ASSIGNED TASK :: All of the records below should be retyped exactly, with no pictures included.

#### GIVEN INFORMATION ####

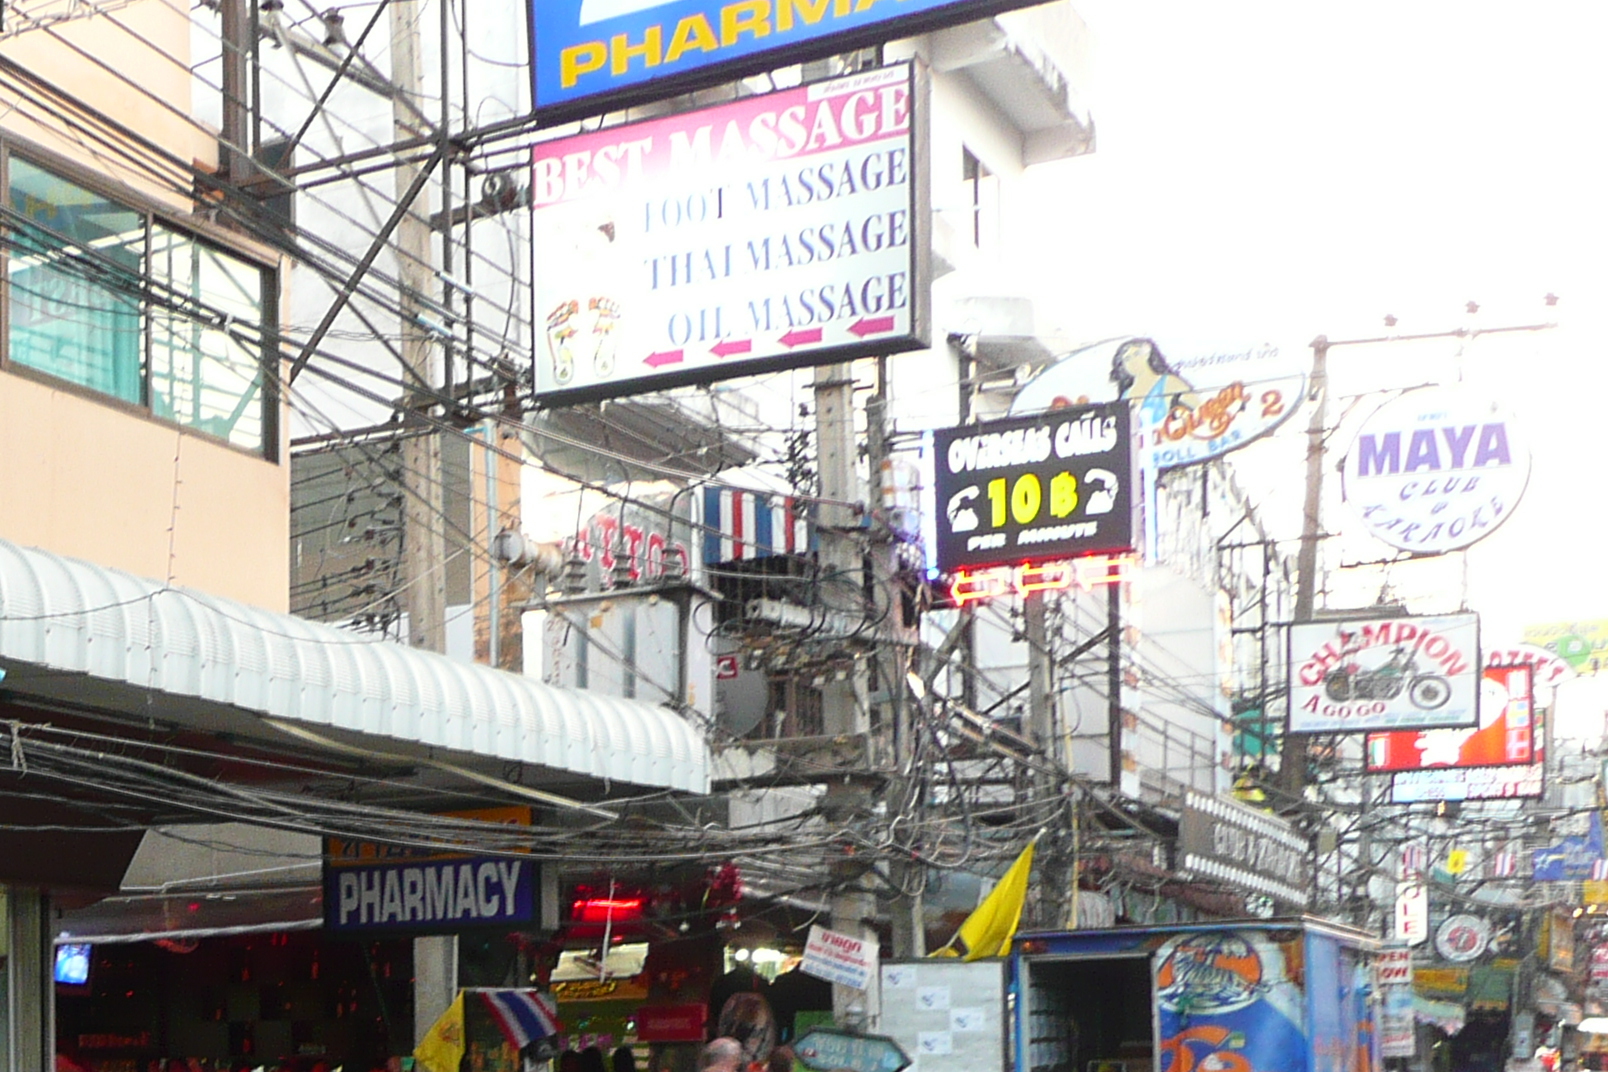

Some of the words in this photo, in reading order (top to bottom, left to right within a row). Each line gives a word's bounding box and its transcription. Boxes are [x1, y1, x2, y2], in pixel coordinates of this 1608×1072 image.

[534, 136, 653, 208] BEST
[669, 86, 910, 173] MASSAGE
[745, 148, 908, 212] MASSAGE
[745, 209, 908, 272] MASSAGE
[745, 271, 908, 335] MASSAGE
[947, 425, 1052, 475] OVERSEAS
[1055, 411, 1118, 459] CALLS
[1357, 421, 1513, 479] MAYA
[987, 472, 1042, 528] 10
[1298, 621, 1470, 687] CHAMPION
[1321, 702, 1352, 719] GO
[1355, 700, 1386, 718] GO
[338, 860, 522, 925] PHARMACY
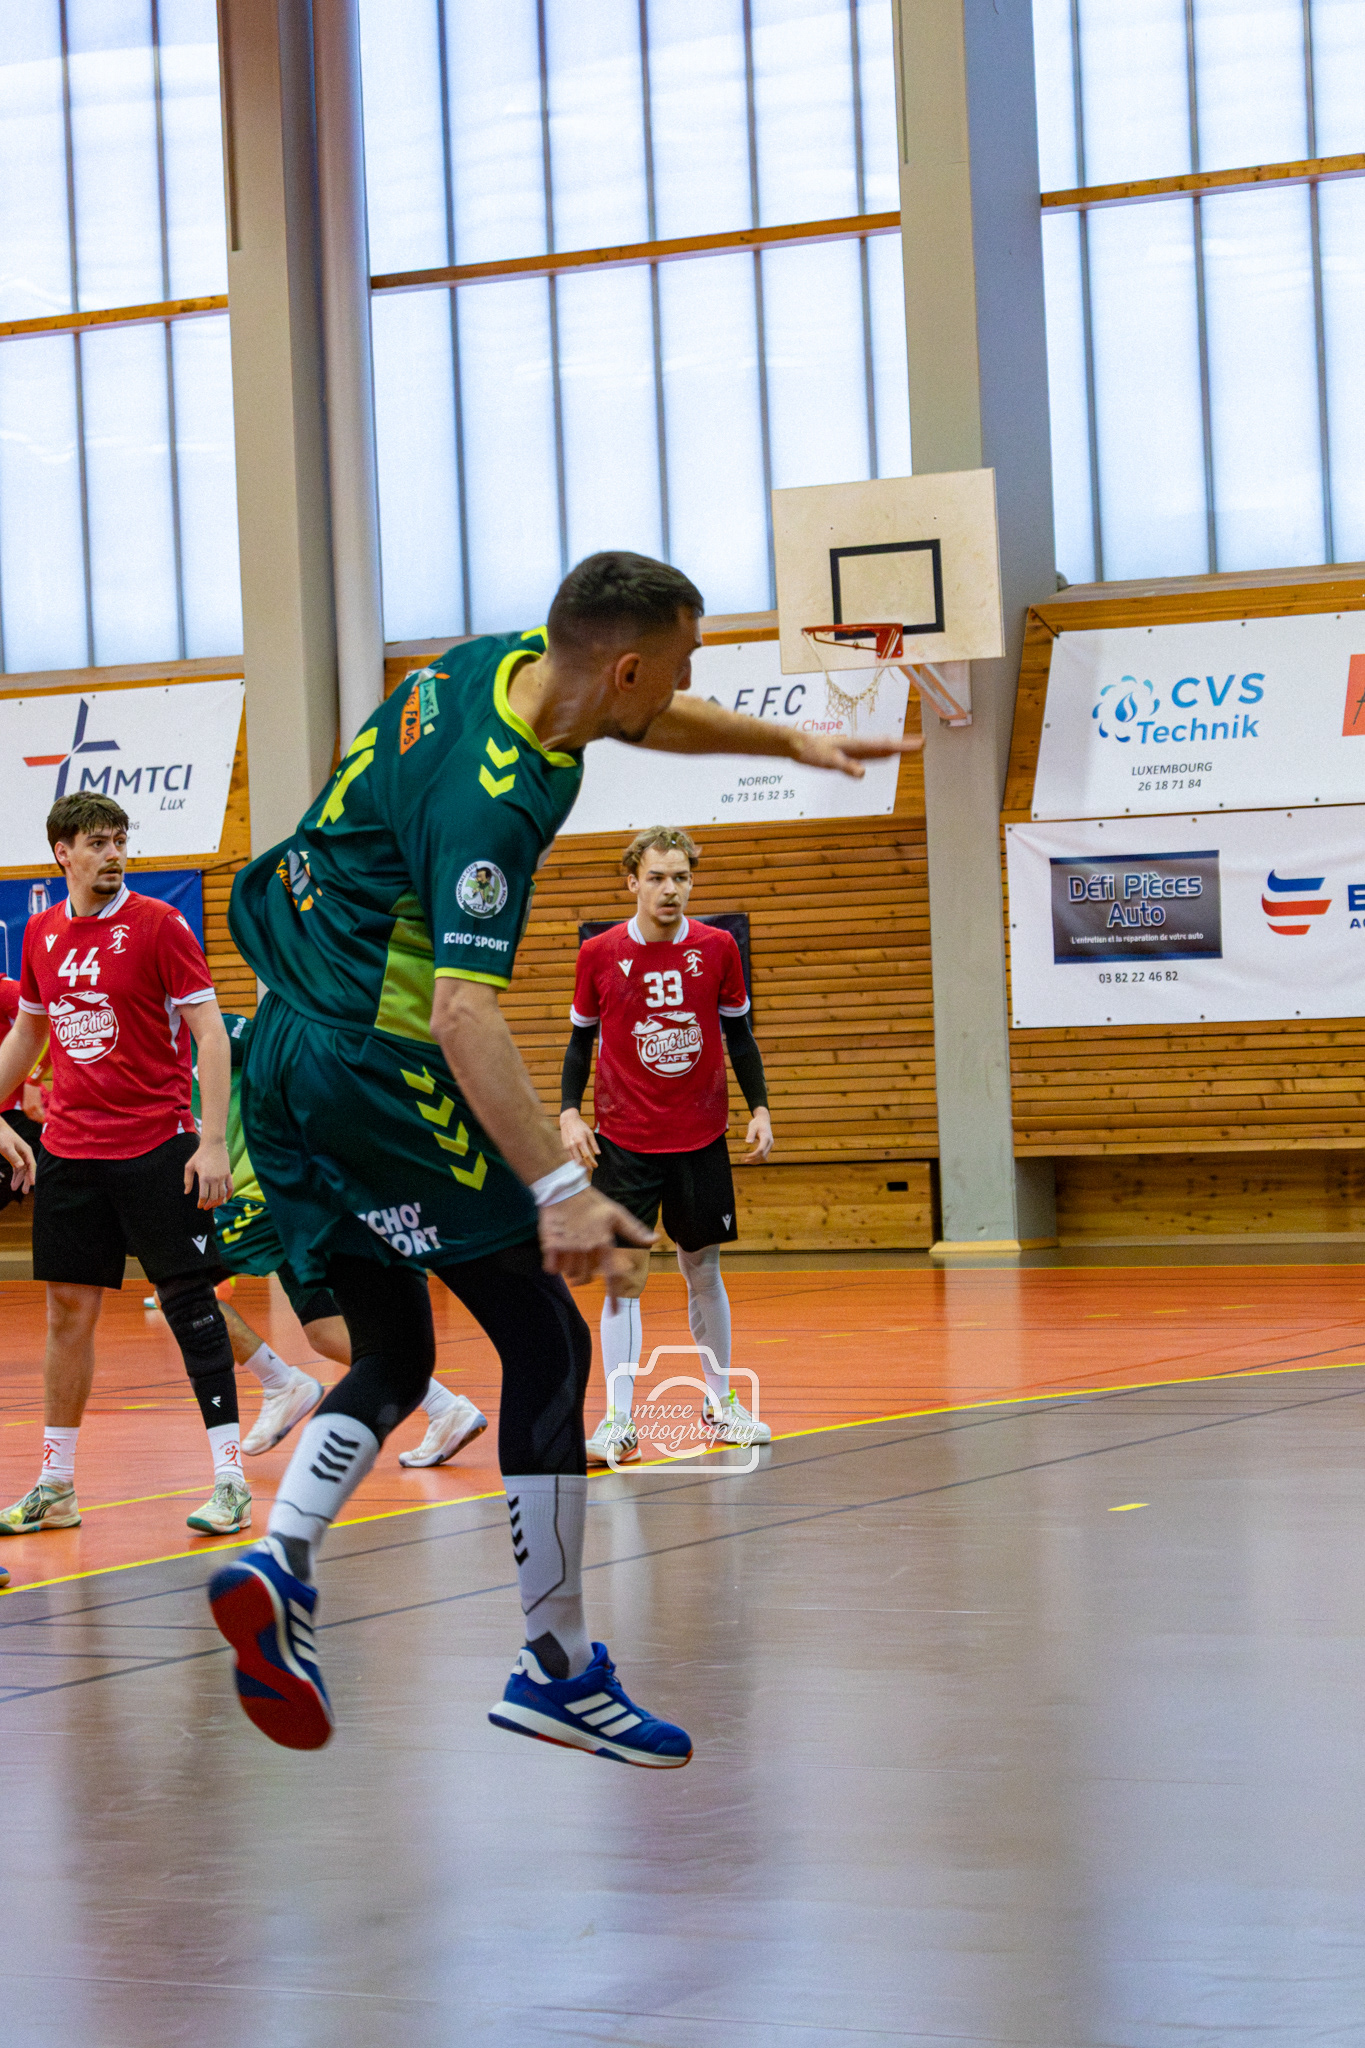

####

EXERCISE RESPONSE ::
Some of the words in this photo, in reading order (top to bottom, left to right within a row). Each line gives a word's bounding box and its transcription. Boxes are [x1, y1, x2, y2], in pixel coordinates of this 1608×1072 image.

[534, 136, 653, 208] BEST
[669, 86, 910, 173] MASSAGE
[745, 148, 908, 212] MASSAGE
[745, 209, 908, 272] MASSAGE
[745, 271, 908, 335] MASSAGE
[947, 425, 1052, 475] OVERSEAS
[1055, 411, 1118, 459] CALLS
[1357, 421, 1513, 479] MAYA
[987, 472, 1042, 528] 10
[1298, 621, 1470, 687] CHAMPION
[1321, 702, 1352, 719] GO
[1355, 700, 1386, 718] GO
[338, 860, 522, 925] PHARMACY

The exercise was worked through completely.